I want to know how you would rewrite these two recursive functions using pattern matching, if at all. I’m trying to learn to “think” in Elixir
Simple loop 1
defmodule App do
def loop(count) do
IO.inspect count
if(count > 0 ) do
App.loop(count - 1)
end
end
end
App.loop(5)
Simple loop 2
defmodule App do
def loopList(list) do
IO.inspect list
if(length(list) <= 0) do
nil
else
[head|tail] = list
App.loopList(tail)
end
end
end
App.loopList([5, 4, 3, 2, 1])
Hey, I just wrote this quick sketch. Didn’t test it, but it’s just meant to show you that when dealing with recursion, the most idiomatic and common way is to use several function heads to specify the different cases.

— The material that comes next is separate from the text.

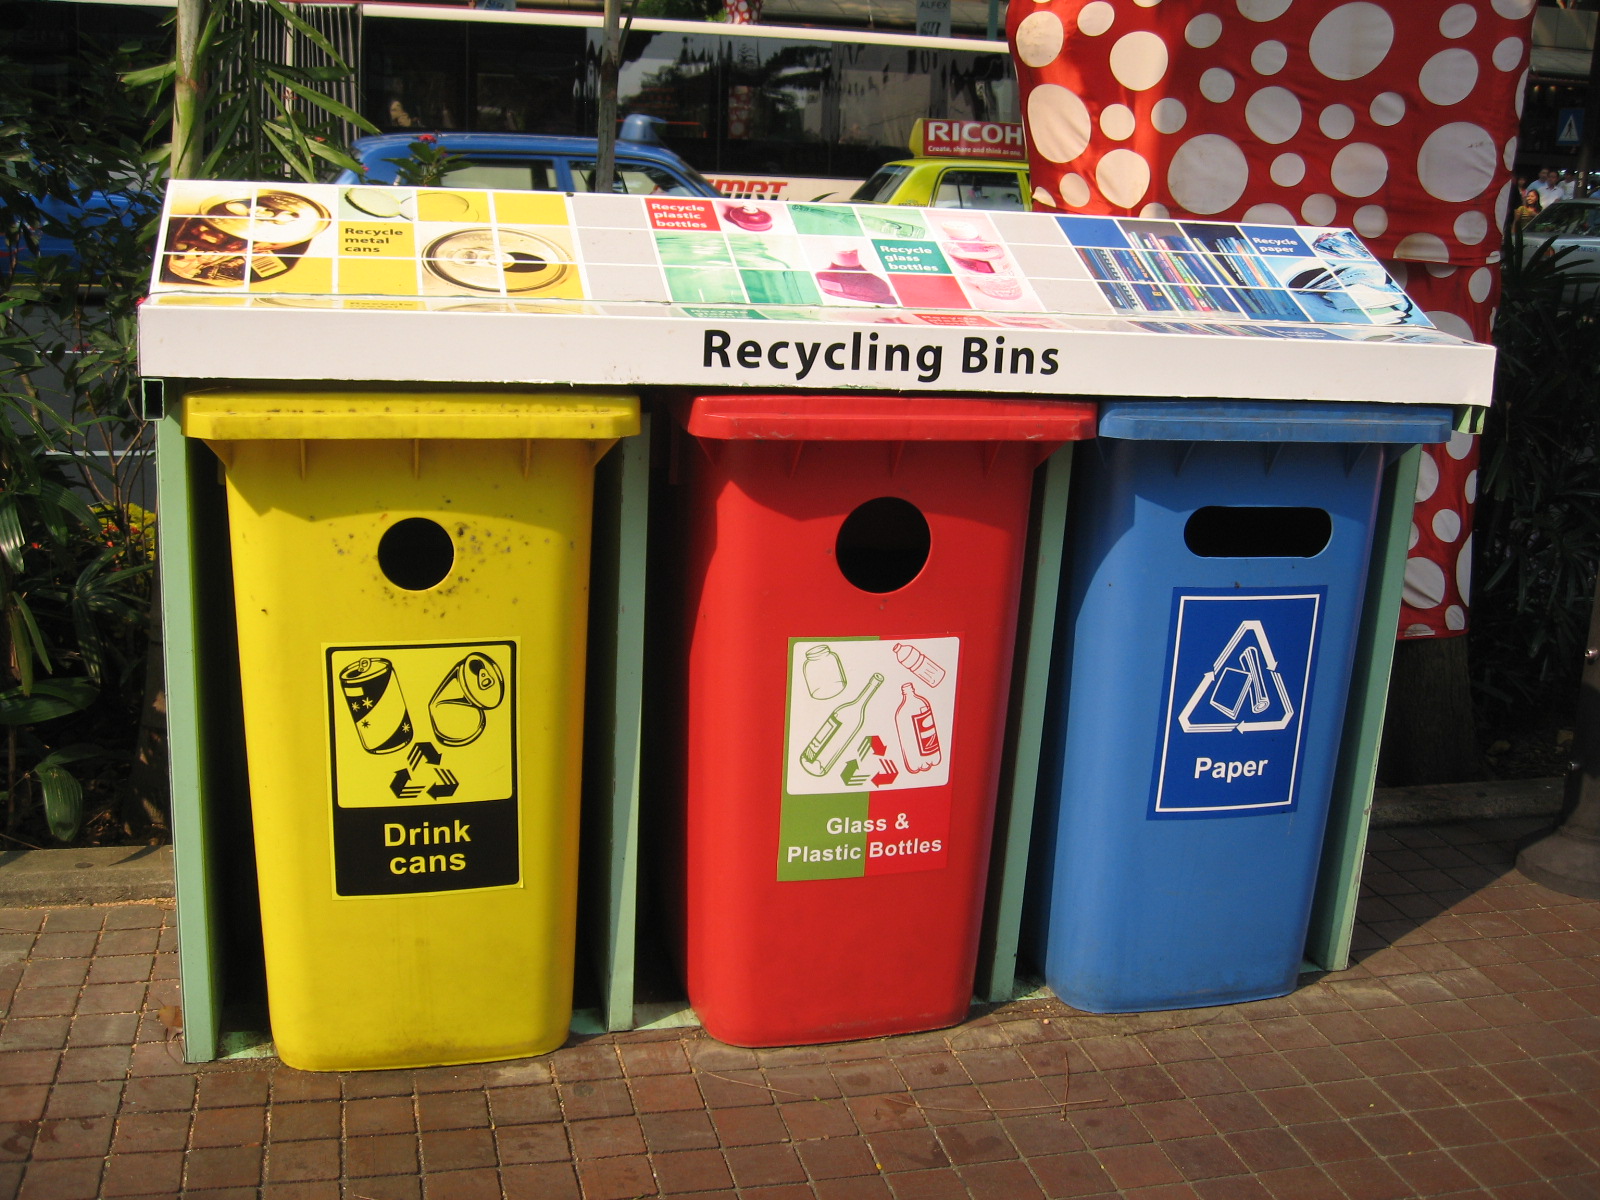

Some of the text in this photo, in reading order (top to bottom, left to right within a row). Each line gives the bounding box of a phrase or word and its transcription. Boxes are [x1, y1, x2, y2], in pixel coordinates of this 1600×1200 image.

In this situation we’ve got two cases, when the count reaches zero and when the count still hasn’t reached zero. So we write a function head for each one, thus separating their logic (which benefits us for debugging and readability) and leverages the possibilities and benefits for pattern matching:
defmodule App do
def loop(0), do: :ok
def loop(count) do
loop(count - 1)
end
end
EDIT: in your second example you’re pretty much splitting the different cases but you’re doing everything in the same function. Try to split the different cases in function heads and post the code back and I’ll check it for you if you want!
def loop(0), do: #noop
def loop(n) do
IO.inspect(n)
loop(n - 1)
end
loop 2:
def loop_list([]), do: #noop
def loop_list(list = [_head | tail]) do
IO.inspect list
loop_list(tail)
end
At least that’s how I’d do it, hope no errors snuck in
edit: As a more general concept that is, pattern match on the termination case as it is often concrete (empty list, 0, 1 etc.) and do the rest in another function definition.